Your goal:
Go through the records and restate them word for word, omitting images.

Material supplied:
+ + + + +

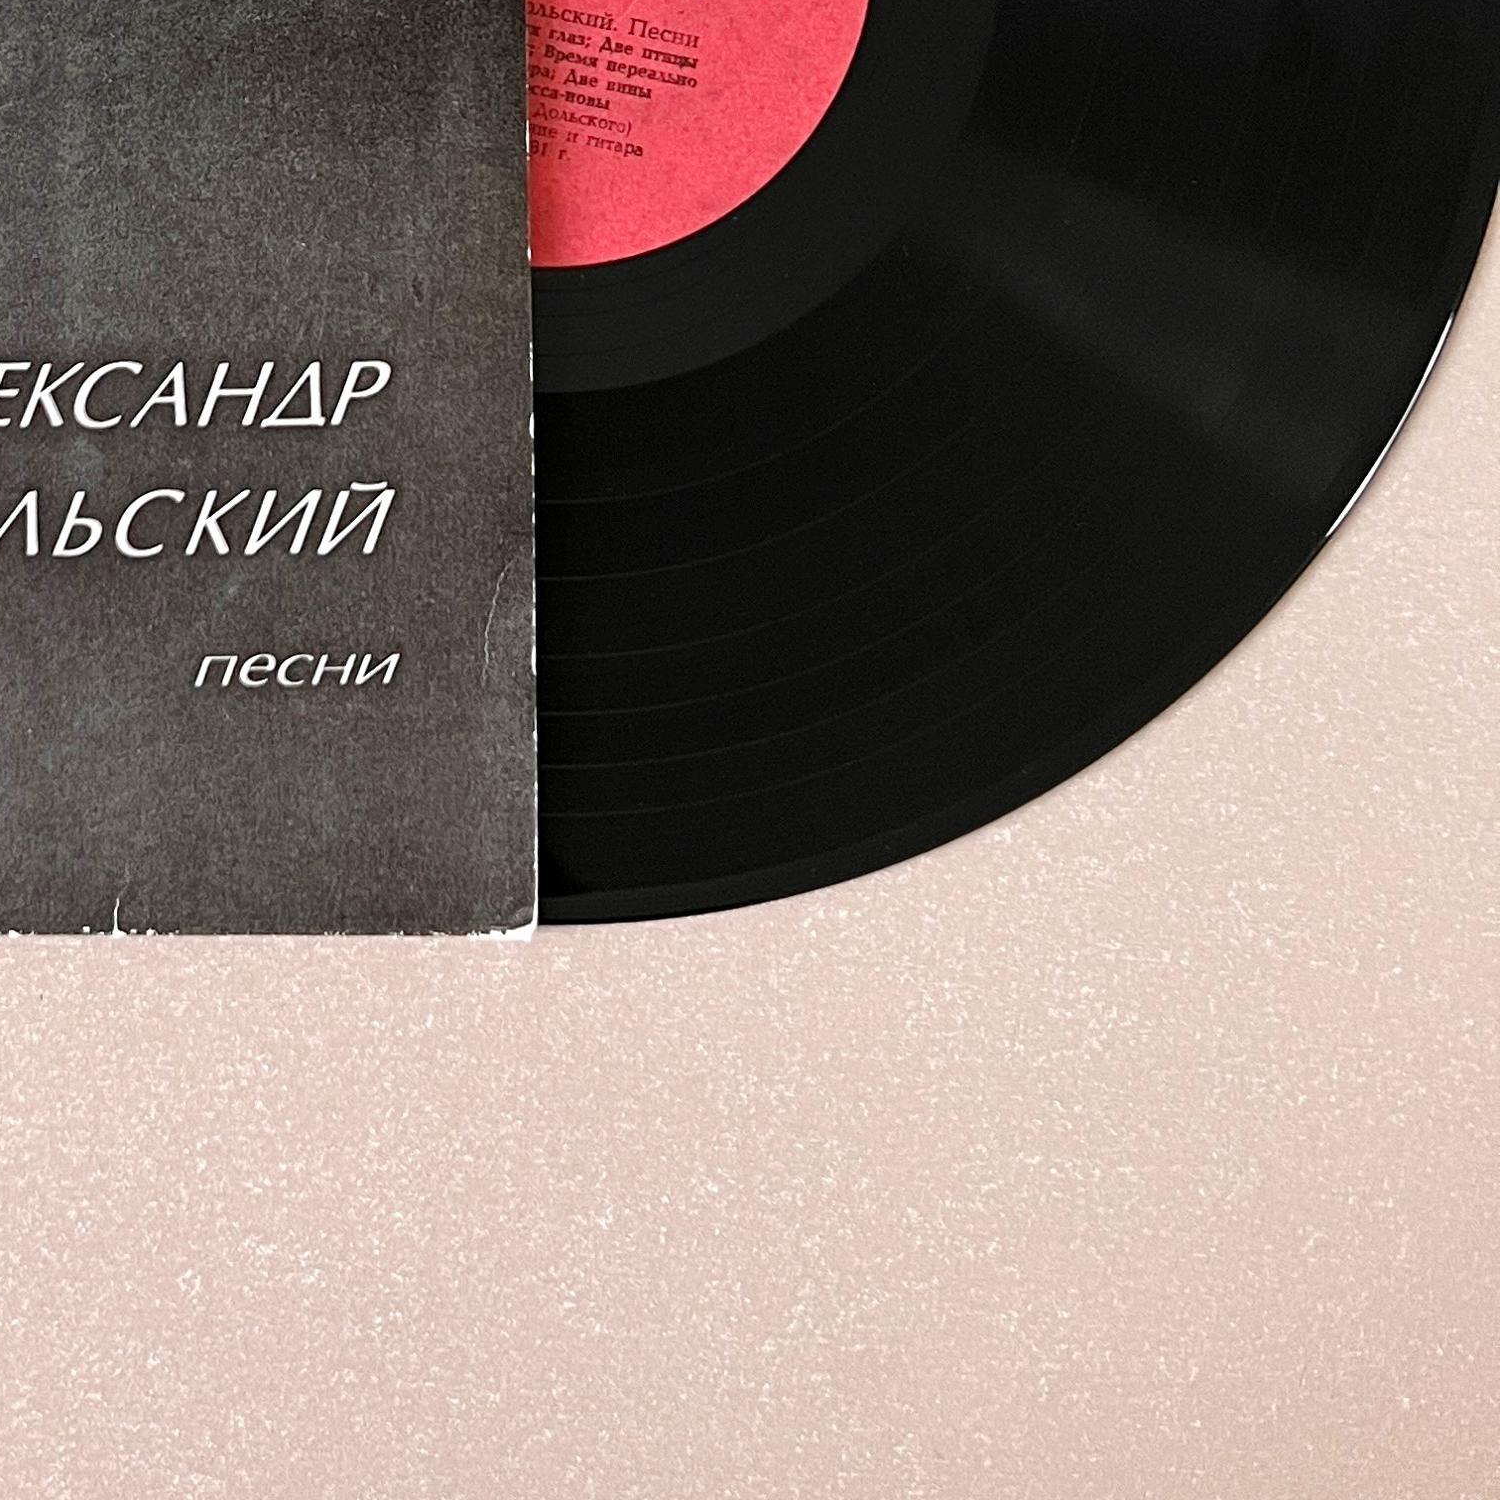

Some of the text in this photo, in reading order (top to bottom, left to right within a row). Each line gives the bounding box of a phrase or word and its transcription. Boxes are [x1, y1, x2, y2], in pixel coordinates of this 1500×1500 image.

[628, 17, 700, 48] Песни
[544, 44, 599, 68] Время
[548, 29, 593, 49] глаз;
[599, 36, 634, 56] Две
[641, 47, 699, 69] птицы
[564, 68, 599, 88] Две
[586, 135, 644, 158] гитара
[194, 651, 400, 688] песни
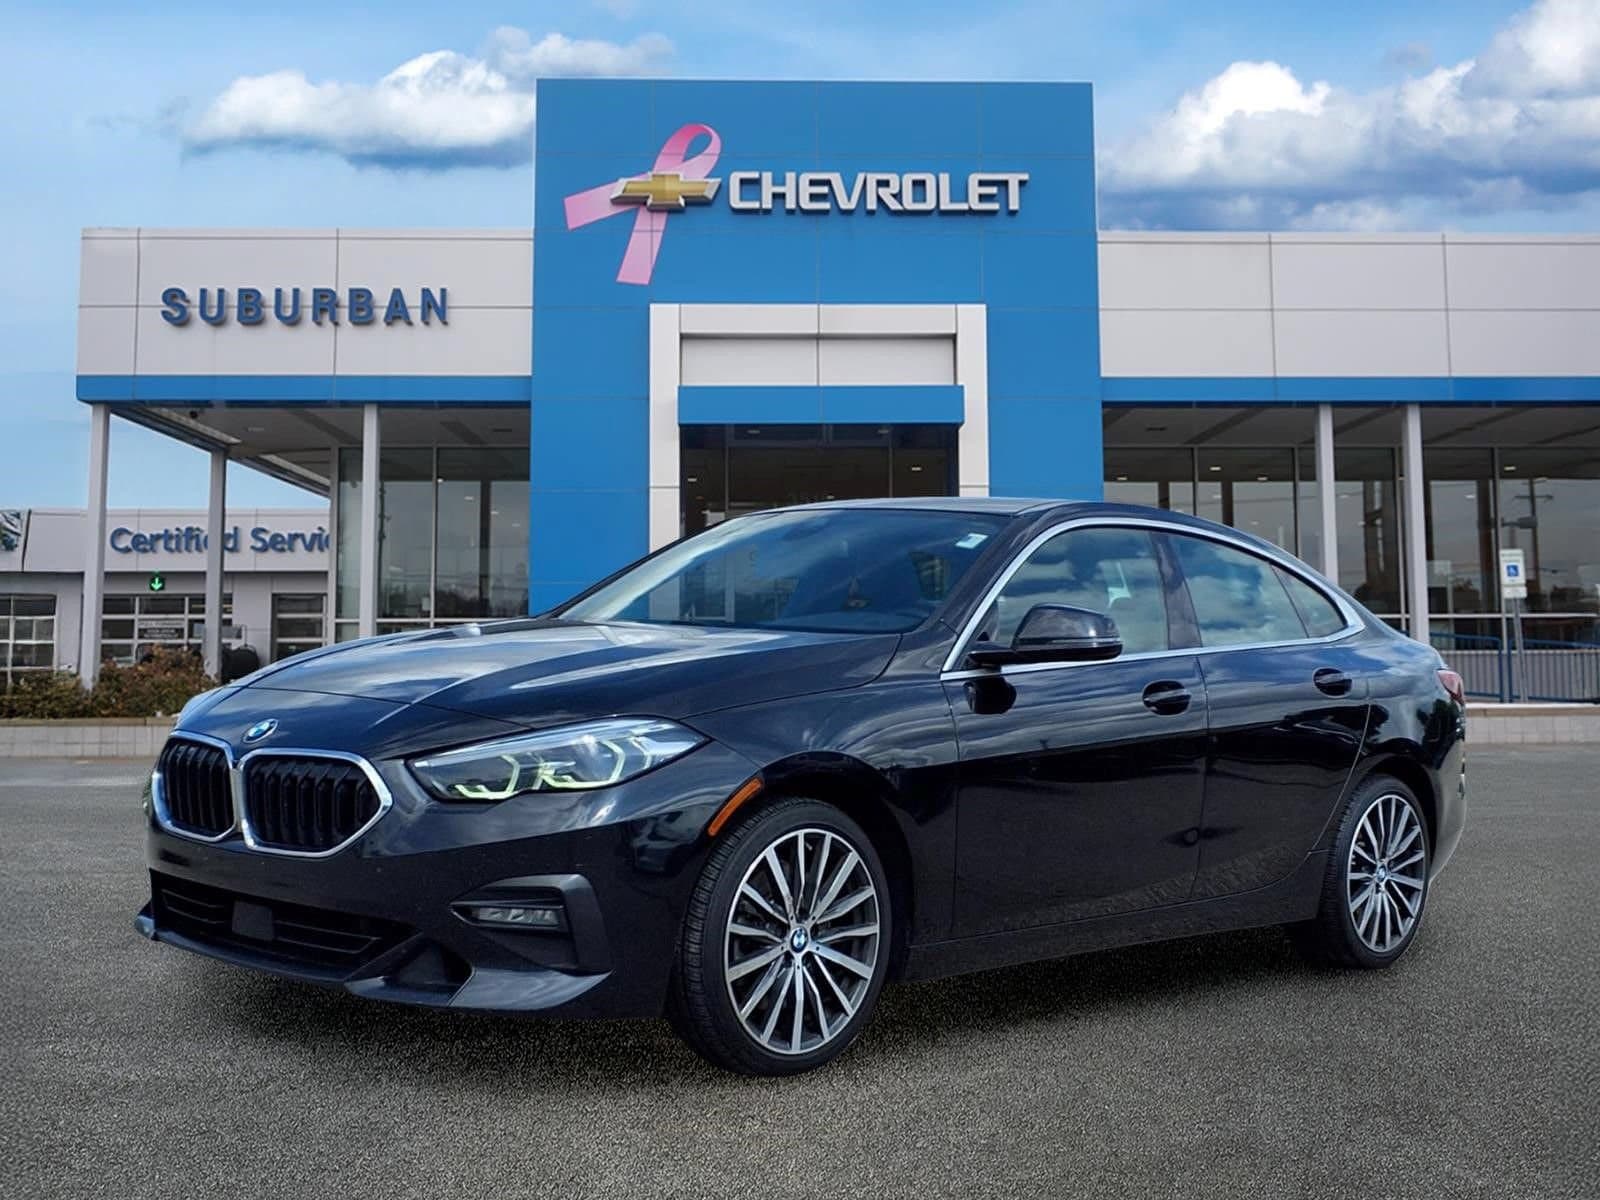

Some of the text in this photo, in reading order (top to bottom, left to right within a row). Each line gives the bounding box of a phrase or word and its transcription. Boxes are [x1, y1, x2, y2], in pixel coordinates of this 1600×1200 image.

+ + + + +

Answer:
Some of the text in this photo, in reading order (top to bottom, left to right within a row). Each line gives the bounding box of a phrase or word and its transcription. Boxes are [x1, y1, x2, y2], in pixel coordinates of this 1500×1500 image.

[628, 17, 700, 48] Песни
[544, 44, 599, 68] Время
[548, 29, 593, 49] глаз;
[599, 36, 634, 56] Две
[641, 47, 699, 69] птицы
[564, 68, 599, 88] Две
[586, 135, 644, 158] гитара
[194, 651, 400, 688] песни

Some of the text in this photo, in reading order (top to bottom, left to right within a row). Each line gives the bounding box of a phrase or word and its transcription. Boxes are [x1, y1, x2, y2], in pixel coordinates of this 1600×1200 image.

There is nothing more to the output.